◆ **What you will do**
Type out each entry exactly.

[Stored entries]
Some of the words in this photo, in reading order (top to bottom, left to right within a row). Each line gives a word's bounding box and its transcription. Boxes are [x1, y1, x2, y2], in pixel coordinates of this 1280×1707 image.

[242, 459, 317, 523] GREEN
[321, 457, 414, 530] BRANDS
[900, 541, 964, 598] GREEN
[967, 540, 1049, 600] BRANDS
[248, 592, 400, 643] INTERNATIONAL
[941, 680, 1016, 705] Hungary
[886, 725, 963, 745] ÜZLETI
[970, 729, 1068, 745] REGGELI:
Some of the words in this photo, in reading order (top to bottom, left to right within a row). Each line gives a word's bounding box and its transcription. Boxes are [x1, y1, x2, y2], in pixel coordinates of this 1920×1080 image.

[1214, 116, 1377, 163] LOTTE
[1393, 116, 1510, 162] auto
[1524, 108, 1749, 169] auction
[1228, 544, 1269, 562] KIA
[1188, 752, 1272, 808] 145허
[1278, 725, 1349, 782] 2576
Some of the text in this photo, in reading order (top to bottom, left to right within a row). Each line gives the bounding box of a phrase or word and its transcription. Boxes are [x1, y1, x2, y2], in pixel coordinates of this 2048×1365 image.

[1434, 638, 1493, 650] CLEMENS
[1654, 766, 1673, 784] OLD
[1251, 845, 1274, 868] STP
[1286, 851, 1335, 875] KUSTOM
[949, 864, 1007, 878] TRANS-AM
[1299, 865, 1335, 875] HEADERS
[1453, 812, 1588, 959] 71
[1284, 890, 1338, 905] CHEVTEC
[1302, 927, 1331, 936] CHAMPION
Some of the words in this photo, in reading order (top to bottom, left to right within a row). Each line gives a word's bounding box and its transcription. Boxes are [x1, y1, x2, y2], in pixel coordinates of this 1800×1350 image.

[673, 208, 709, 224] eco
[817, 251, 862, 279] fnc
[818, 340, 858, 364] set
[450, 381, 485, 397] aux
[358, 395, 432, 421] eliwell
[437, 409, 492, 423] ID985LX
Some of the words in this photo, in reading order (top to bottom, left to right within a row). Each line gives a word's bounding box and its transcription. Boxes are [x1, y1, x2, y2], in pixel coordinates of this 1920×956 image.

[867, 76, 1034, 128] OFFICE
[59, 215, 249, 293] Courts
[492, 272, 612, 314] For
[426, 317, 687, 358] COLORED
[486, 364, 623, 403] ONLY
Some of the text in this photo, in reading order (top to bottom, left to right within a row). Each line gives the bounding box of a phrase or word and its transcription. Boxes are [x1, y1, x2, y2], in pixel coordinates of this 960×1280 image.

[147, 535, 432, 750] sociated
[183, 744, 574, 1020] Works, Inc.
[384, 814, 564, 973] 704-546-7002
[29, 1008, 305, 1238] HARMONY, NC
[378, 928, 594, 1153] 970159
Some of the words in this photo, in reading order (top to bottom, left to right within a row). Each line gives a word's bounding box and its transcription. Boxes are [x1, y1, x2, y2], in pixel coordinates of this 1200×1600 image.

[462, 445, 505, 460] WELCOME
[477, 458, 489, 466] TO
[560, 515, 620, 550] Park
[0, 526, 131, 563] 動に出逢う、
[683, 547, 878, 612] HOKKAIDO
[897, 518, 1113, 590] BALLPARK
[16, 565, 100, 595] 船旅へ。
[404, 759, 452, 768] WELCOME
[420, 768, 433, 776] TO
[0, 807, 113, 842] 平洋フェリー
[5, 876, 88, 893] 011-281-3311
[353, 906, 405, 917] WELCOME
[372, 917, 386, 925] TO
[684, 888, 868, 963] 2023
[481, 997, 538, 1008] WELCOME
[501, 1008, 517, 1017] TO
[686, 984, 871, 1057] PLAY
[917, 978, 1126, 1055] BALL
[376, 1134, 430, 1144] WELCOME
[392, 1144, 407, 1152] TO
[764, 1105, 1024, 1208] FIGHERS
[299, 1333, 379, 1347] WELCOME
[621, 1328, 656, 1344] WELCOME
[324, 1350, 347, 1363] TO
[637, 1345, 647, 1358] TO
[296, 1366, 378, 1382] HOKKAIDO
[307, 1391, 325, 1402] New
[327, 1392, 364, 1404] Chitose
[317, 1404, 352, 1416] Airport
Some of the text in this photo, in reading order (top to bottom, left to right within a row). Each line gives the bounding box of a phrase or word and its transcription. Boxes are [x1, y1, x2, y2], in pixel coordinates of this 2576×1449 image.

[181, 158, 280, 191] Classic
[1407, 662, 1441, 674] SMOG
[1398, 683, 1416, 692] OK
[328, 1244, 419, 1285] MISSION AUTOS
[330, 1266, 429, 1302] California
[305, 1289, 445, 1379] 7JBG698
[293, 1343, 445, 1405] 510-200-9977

◆ **Answer to this task**
Some of the words in this photo, in reading order (top to bottom, left to right within a row). Each line gives a word's bounding box and its transcription. Boxes are [x1, y1, x2, y2], in pixel coordinates of this 1280×1707 image.

[242, 459, 317, 523] GREEN
[321, 457, 414, 530] BRANDS
[900, 541, 964, 598] GREEN
[967, 540, 1049, 600] BRANDS
[248, 592, 400, 643] INTERNATIONAL
[941, 680, 1016, 705] Hungary
[886, 725, 963, 745] ÜZLETI
[970, 729, 1068, 745] REGGELI:
Some of the words in this photo, in reading order (top to bottom, left to right within a row). Each line gives a word's bounding box and its transcription. Boxes are [x1, y1, x2, y2], in pixel coordinates of this 1920×1080 image.

[1214, 116, 1377, 163] LOTTE
[1393, 116, 1510, 162] auto
[1524, 108, 1749, 169] auction
[1228, 544, 1269, 562] KIA
[1188, 752, 1272, 808] 145허
[1278, 725, 1349, 782] 2576
Some of the text in this photo, in reading order (top to bottom, left to right within a row). Each line gives the bounding box of a phrase or word and its transcription. Boxes are [x1, y1, x2, y2], in pixel coordinates of this 2048×1365 image.

[1434, 638, 1493, 650] CLEMENS
[1654, 766, 1673, 784] OLD
[1251, 845, 1274, 868] STP
[1286, 851, 1335, 875] KUSTOM
[949, 864, 1007, 878] TRANS-AM
[1299, 865, 1335, 875] HEADERS
[1453, 812, 1588, 959] 71
[1284, 890, 1338, 905] CHEVTEC
[1302, 927, 1331, 936] CHAMPION
Some of the words in this photo, in reading order (top to bottom, left to right within a row). Each line gives a word's bounding box and its transcription. Boxes are [x1, y1, x2, y2], in pixel coordinates of this 1800×1350 image.

[673, 208, 709, 224] eco
[817, 251, 862, 279] fnc
[818, 340, 858, 364] set
[450, 381, 485, 397] aux
[358, 395, 432, 421] eliwell
[437, 409, 492, 423] ID985LX
Some of the words in this photo, in reading order (top to bottom, left to right within a row). Each line gives a word's bounding box and its transcription. Boxes are [x1, y1, x2, y2], in pixel coordinates of this 1920×956 image.

[867, 76, 1034, 128] OFFICE
[59, 215, 249, 293] Courts
[492, 272, 612, 314] For
[426, 317, 687, 358] COLORED
[486, 364, 623, 403] ONLY
Some of the text in this photo, in reading order (top to bottom, left to right within a row). Each line gives the bounding box of a phrase or word and its transcription. Boxes are [x1, y1, x2, y2], in pixel coordinates of this 960×1280 image.

[147, 535, 432, 750] sociated
[183, 744, 574, 1020] Works, Inc.
[384, 814, 564, 973] 704-546-7002
[29, 1008, 305, 1238] HARMONY, NC
[378, 928, 594, 1153] 970159
Some of the words in this photo, in reading order (top to bottom, left to right within a row). Each line gives a word's bounding box and its transcription. Boxes are [x1, y1, x2, y2], in pixel coordinates of this 1200×1600 image.

[462, 445, 505, 460] WELCOME
[477, 458, 489, 466] TO
[560, 515, 620, 550] Park
[0, 526, 131, 563] 動に出逢う、
[683, 547, 878, 612] HOKKAIDO
[897, 518, 1113, 590] BALLPARK
[16, 565, 100, 595] 船旅へ。
[404, 759, 452, 768] WELCOME
[420, 768, 433, 776] TO
[0, 807, 113, 842] 平洋フェリー
[5, 876, 88, 893] 011-281-3311
[353, 906, 405, 917] WELCOME
[372, 917, 386, 925] TO
[684, 888, 868, 963] 2023
[481, 997, 538, 1008] WELCOME
[501, 1008, 517, 1017] TO
[686, 984, 871, 1057] PLAY
[917, 978, 1126, 1055] BALL
[376, 1134, 430, 1144] WELCOME
[392, 1144, 407, 1152] TO
[764, 1105, 1024, 1208] FIGHERS
[299, 1333, 379, 1347] WELCOME
[621, 1328, 656, 1344] WELCOME
[324, 1350, 347, 1363] TO
[637, 1345, 647, 1358] TO
[296, 1366, 378, 1382] HOKKAIDO
[307, 1391, 325, 1402] New
[327, 1392, 364, 1404] Chitose
[317, 1404, 352, 1416] Airport
Some of the text in this photo, in reading order (top to bottom, left to right within a row). Each line gives the bounding box of a phrase or word and its transcription. Boxes are [x1, y1, x2, y2], in pixel coordinates of this 2576×1449 image.

[181, 158, 280, 191] Classic
[1407, 662, 1441, 674] SMOG
[1398, 683, 1416, 692] OK
[328, 1244, 419, 1285] MISSION AUTOS
[330, 1266, 429, 1302] California
[305, 1289, 445, 1379] 7JBG698
[293, 1343, 445, 1405] 510-200-9977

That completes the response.